Start of Records for the task

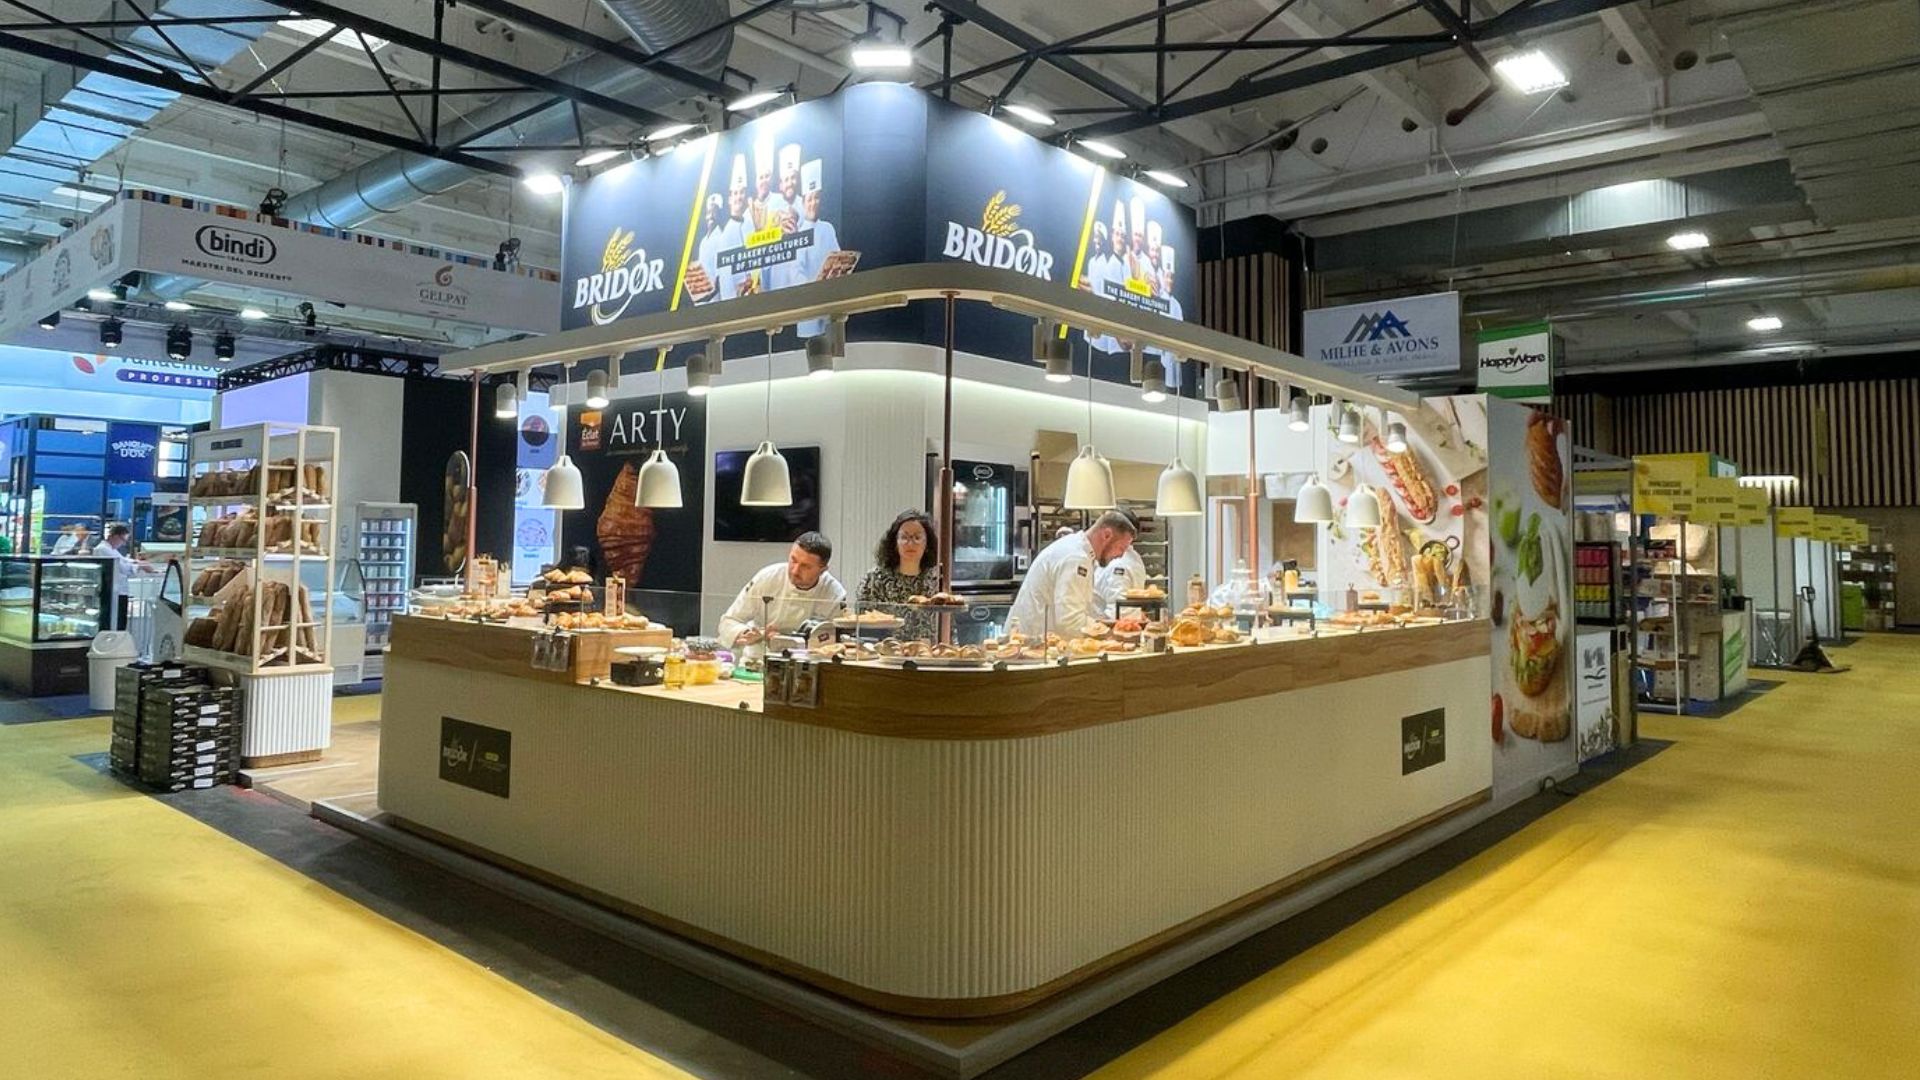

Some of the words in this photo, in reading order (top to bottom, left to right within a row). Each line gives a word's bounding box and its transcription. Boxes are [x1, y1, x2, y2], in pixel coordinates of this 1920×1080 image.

[209, 229, 265, 259] bindi
[721, 253, 736, 265] THE
[737, 246, 768, 262] BAKERY
[768, 236, 809, 254] CULTURES
[942, 221, 1055, 281] BRIDOR
[748, 257, 762, 268] THE
[764, 250, 793, 264] WORLD
[419, 288, 469, 306] GELPAT
[573, 256, 665, 309] BRIDOR
[1320, 344, 1368, 361] MILHE
[1370, 343, 1382, 356] &
[1387, 336, 1440, 354] AVONS
[127, 371, 218, 387] PROFESSI
[609, 406, 688, 445] ARTY
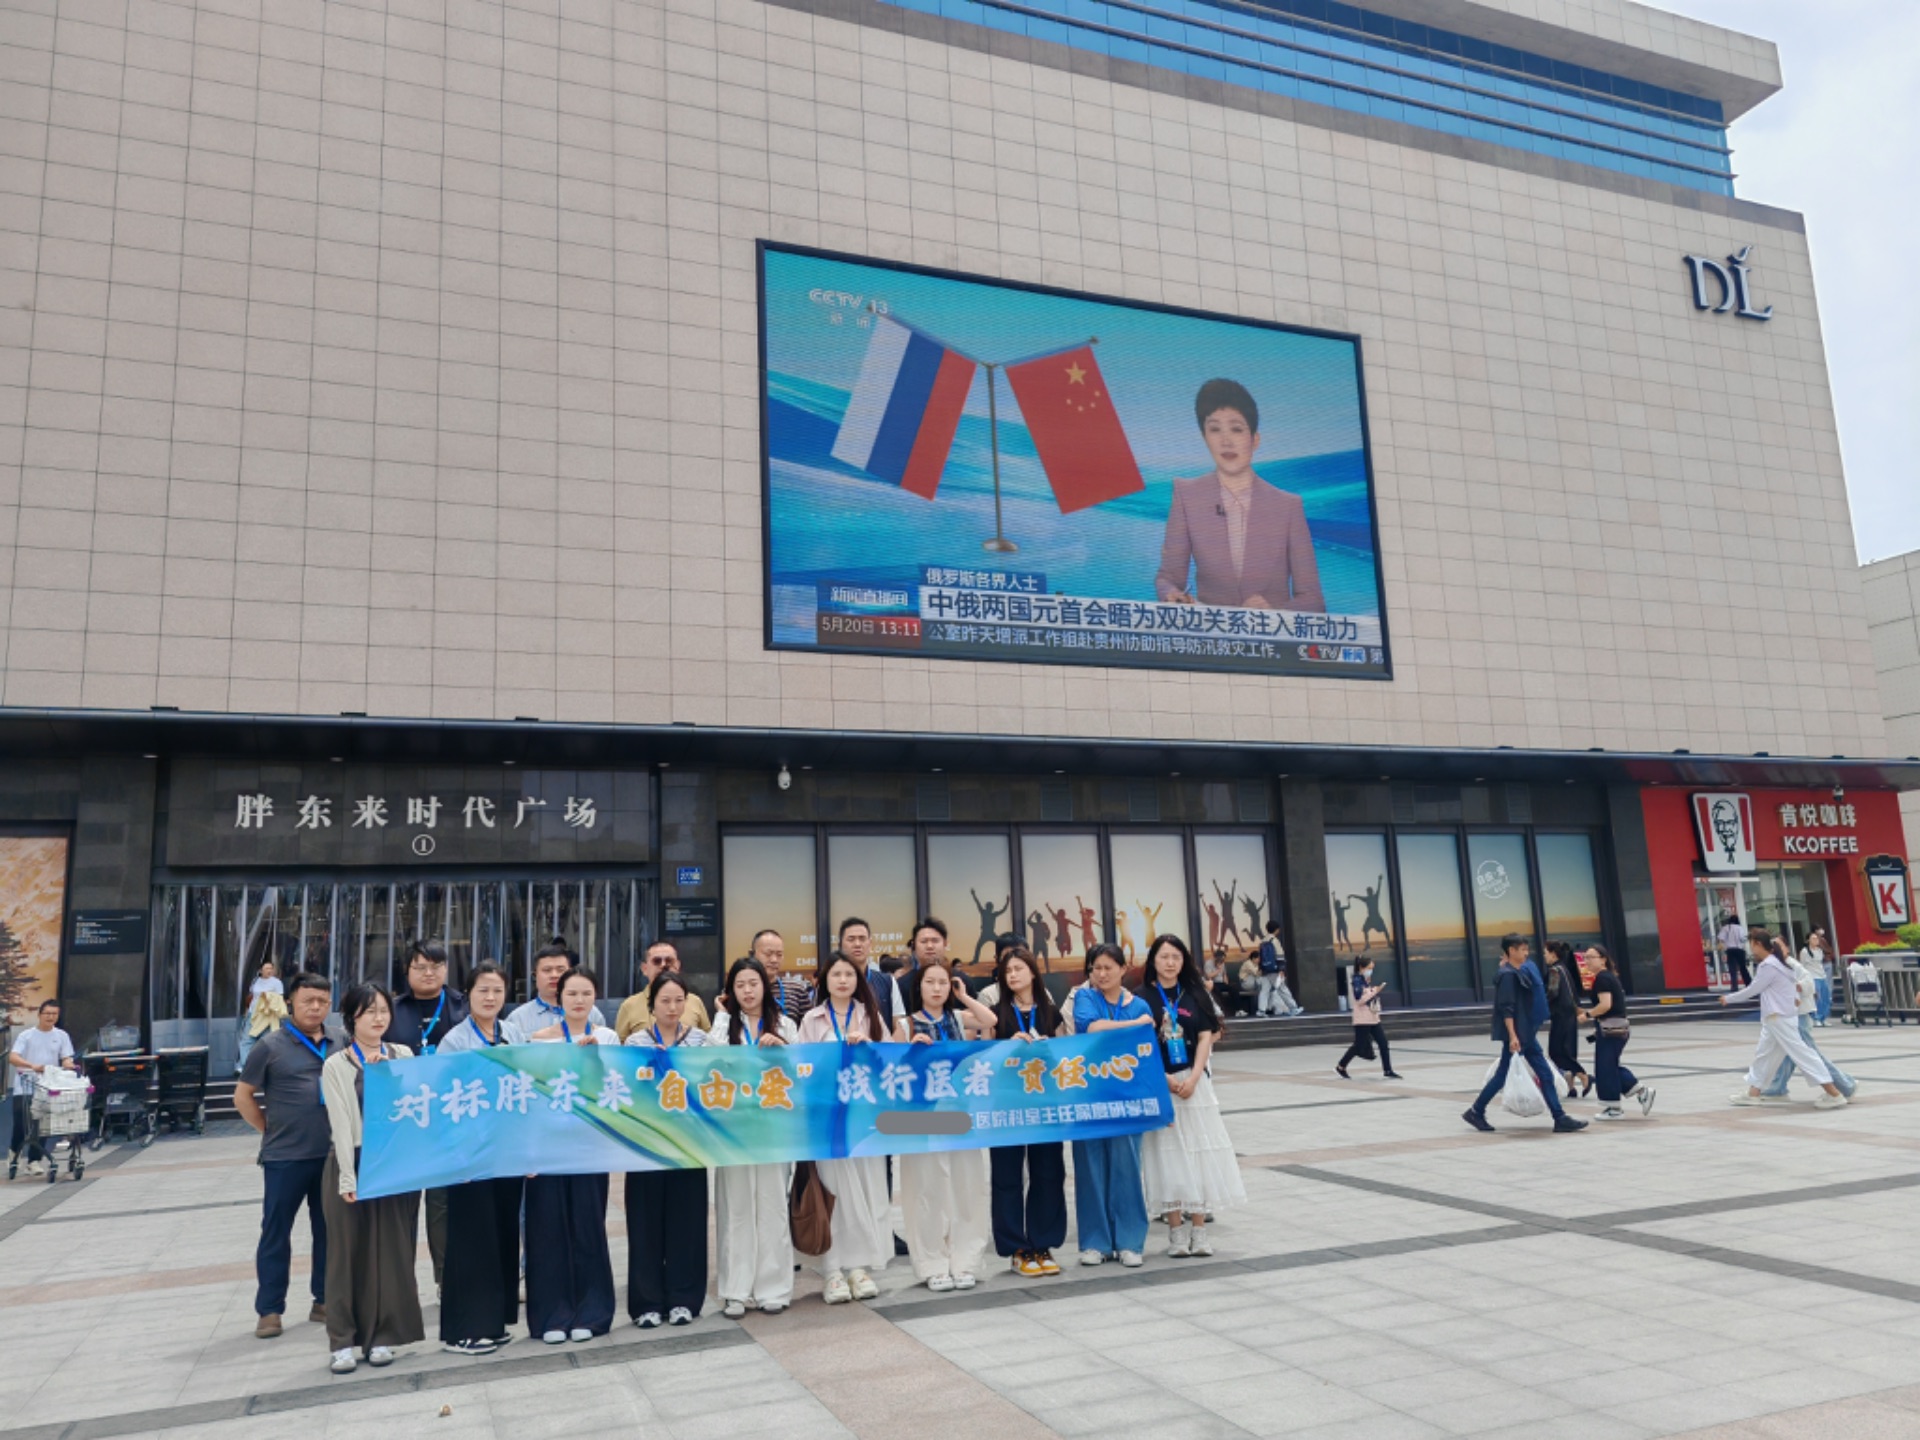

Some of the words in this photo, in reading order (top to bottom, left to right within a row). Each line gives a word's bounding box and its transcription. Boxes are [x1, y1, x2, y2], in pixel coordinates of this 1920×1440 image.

[809, 288, 863, 308] CCTV
[926, 567, 1038, 592] 俄罗斯各界人士
[822, 616, 874, 634] 5月20日
[881, 621, 920, 637] 13:11
[928, 588, 1357, 641] 中俄两国元首会晤为双边关系注入新动力
[1297, 644, 1339, 660] CCTV
[234, 793, 598, 830] 胖东来时代广场
[1779, 803, 1858, 828] 肯悦咖啡
[1784, 836, 1859, 854] KCOFFEE
[1877, 882, 1903, 915] K
[970, 1097, 1160, 1130] 医院科室主任深度研学团
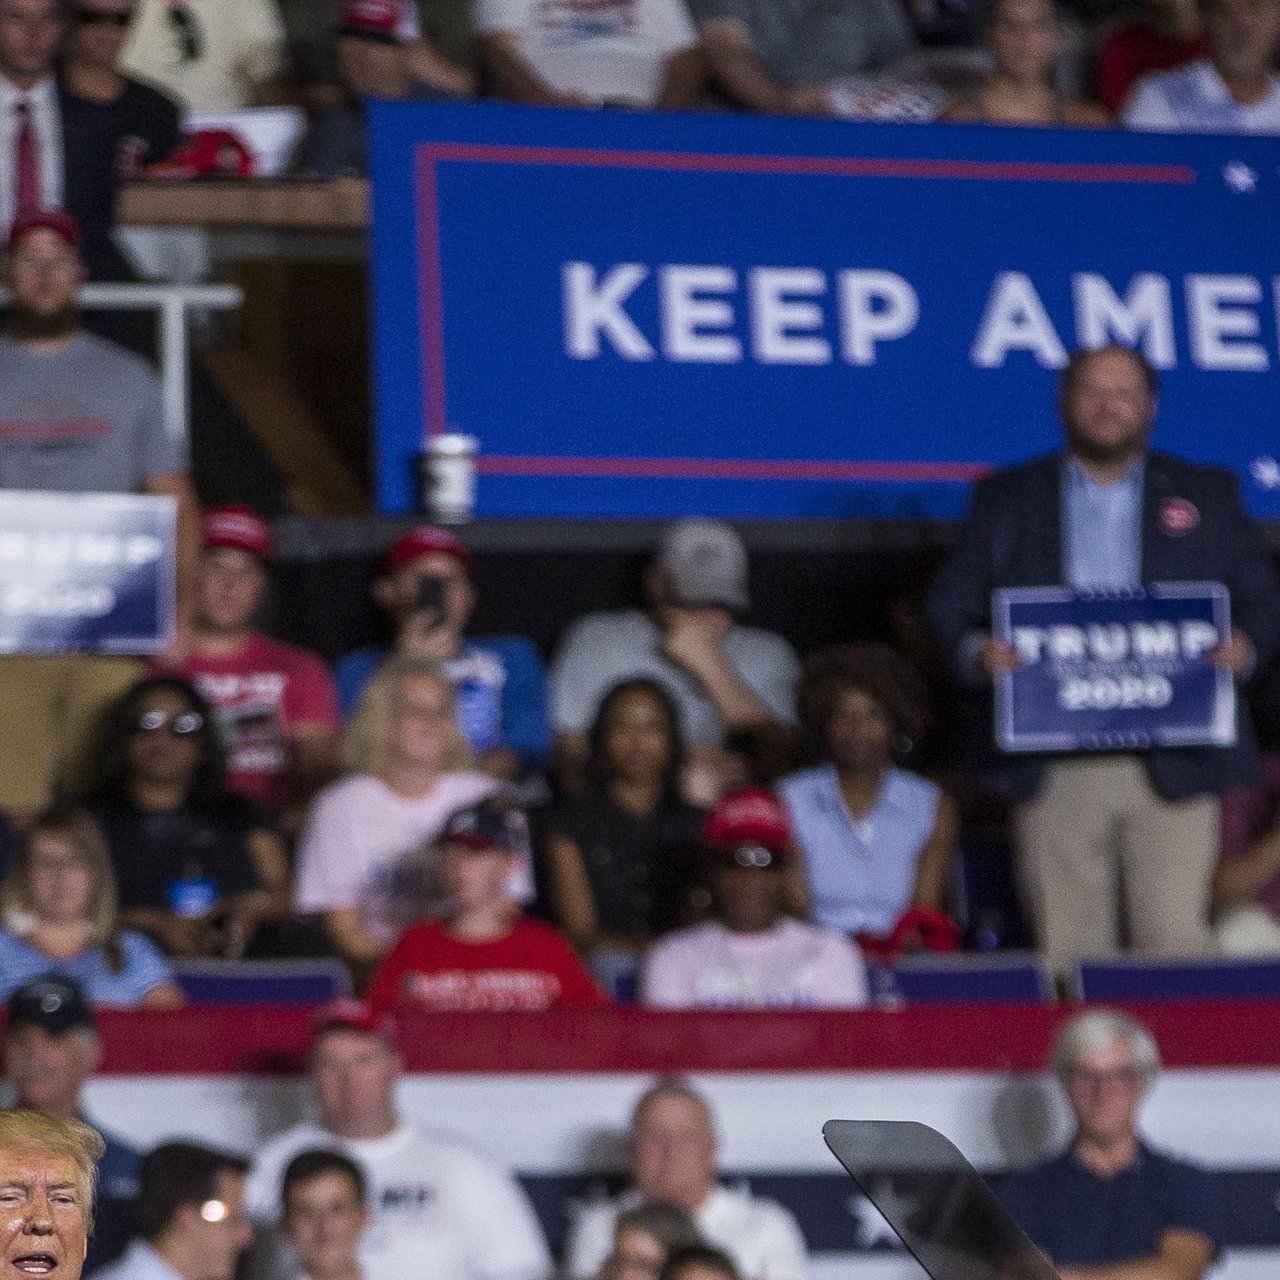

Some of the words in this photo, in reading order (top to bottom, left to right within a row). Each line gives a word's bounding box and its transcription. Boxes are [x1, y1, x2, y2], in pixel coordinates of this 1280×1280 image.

[561, 260, 920, 367] KEEP
[1013, 619, 1219, 664] TRUMP
[1058, 673, 1173, 711] 2020
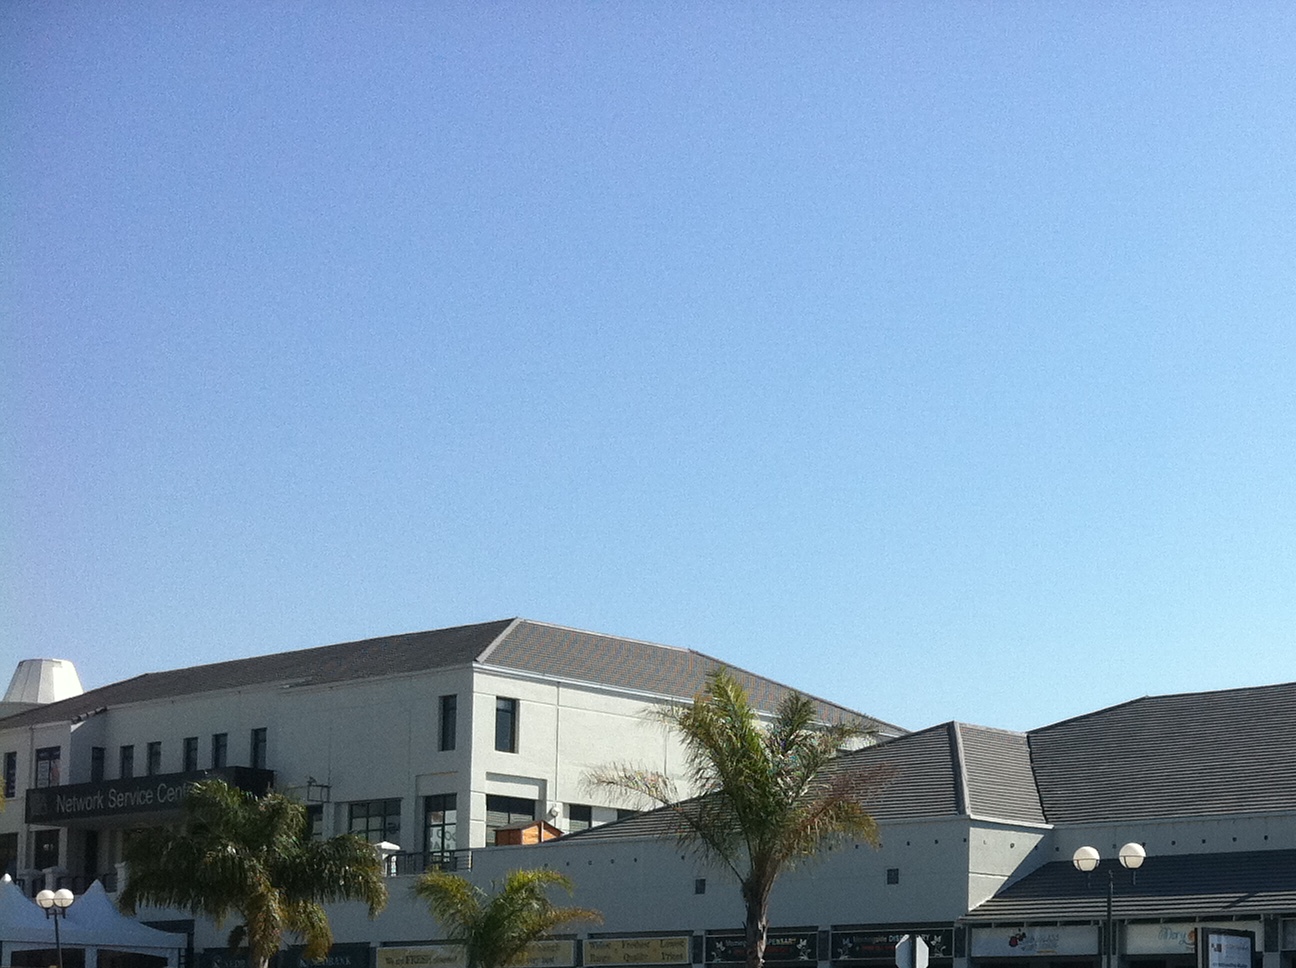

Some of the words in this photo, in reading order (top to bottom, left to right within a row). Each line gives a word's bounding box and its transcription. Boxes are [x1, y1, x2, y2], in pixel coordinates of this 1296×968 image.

[55, 790, 104, 813] Network
[108, 786, 153, 809] Service
[156, 782, 192, 803] Centr

End of Records for the task

__Your objective__.
The entries are to be written out again exactly, though without any images.

__Finished exercise__.
Some of the words in this photo, in reading order (top to bottom, left to right within a row). Each line gives a word's bounding box and its transcription. Boxes are [x1, y1, x2, y2], in pixel coordinates of this 1920×1080 image.

[209, 229, 265, 259] bindi
[721, 253, 736, 265] THE
[737, 246, 768, 262] BAKERY
[768, 236, 809, 254] CULTURES
[942, 221, 1055, 281] BRIDOR
[748, 257, 762, 268] THE
[764, 250, 793, 264] WORLD
[419, 288, 469, 306] GELPAT
[573, 256, 665, 309] BRIDOR
[1320, 344, 1368, 361] MILHE
[1370, 343, 1382, 356] &
[1387, 336, 1440, 354] AVONS
[127, 371, 218, 387] PROFESSI
[609, 406, 688, 445] ARTY

Some of the words in this photo, in reading order (top to bottom, left to right within a row). Each line gives a word's bounding box and its transcription. Boxes are [x1, y1, x2, y2], in pixel coordinates of this 1920×1440 image.

[809, 288, 863, 308] CCTV
[926, 567, 1038, 592] 俄罗斯各界人士
[822, 616, 874, 634] 5月20日
[881, 621, 920, 637] 13:11
[928, 588, 1357, 641] 中俄两国元首会晤为双边关系注入新动力
[1297, 644, 1339, 660] CCTV
[234, 793, 598, 830] 胖东来时代广场
[1779, 803, 1858, 828] 肯悦咖啡
[1784, 836, 1859, 854] KCOFFEE
[1877, 882, 1903, 915] K
[970, 1097, 1160, 1130] 医院科室主任深度研学团

Some of the words in this photo, in reading order (top to bottom, left to right within a row). Each line gives a word's bounding box and its transcription. Boxes are [x1, y1, x2, y2], in pixel coordinates of this 1280×1280 image.

[561, 260, 920, 367] KEEP
[1013, 619, 1219, 664] TRUMP
[1058, 673, 1173, 711] 2020

Some of the words in this photo, in reading order (top to bottom, left to right within a row). Each line gives a word's bounding box and its transcription. Boxes are [x1, y1, x2, y2], in pixel coordinates of this 1296×968 image.

[55, 790, 104, 813] Network
[108, 786, 153, 809] Service
[156, 782, 192, 803] Centr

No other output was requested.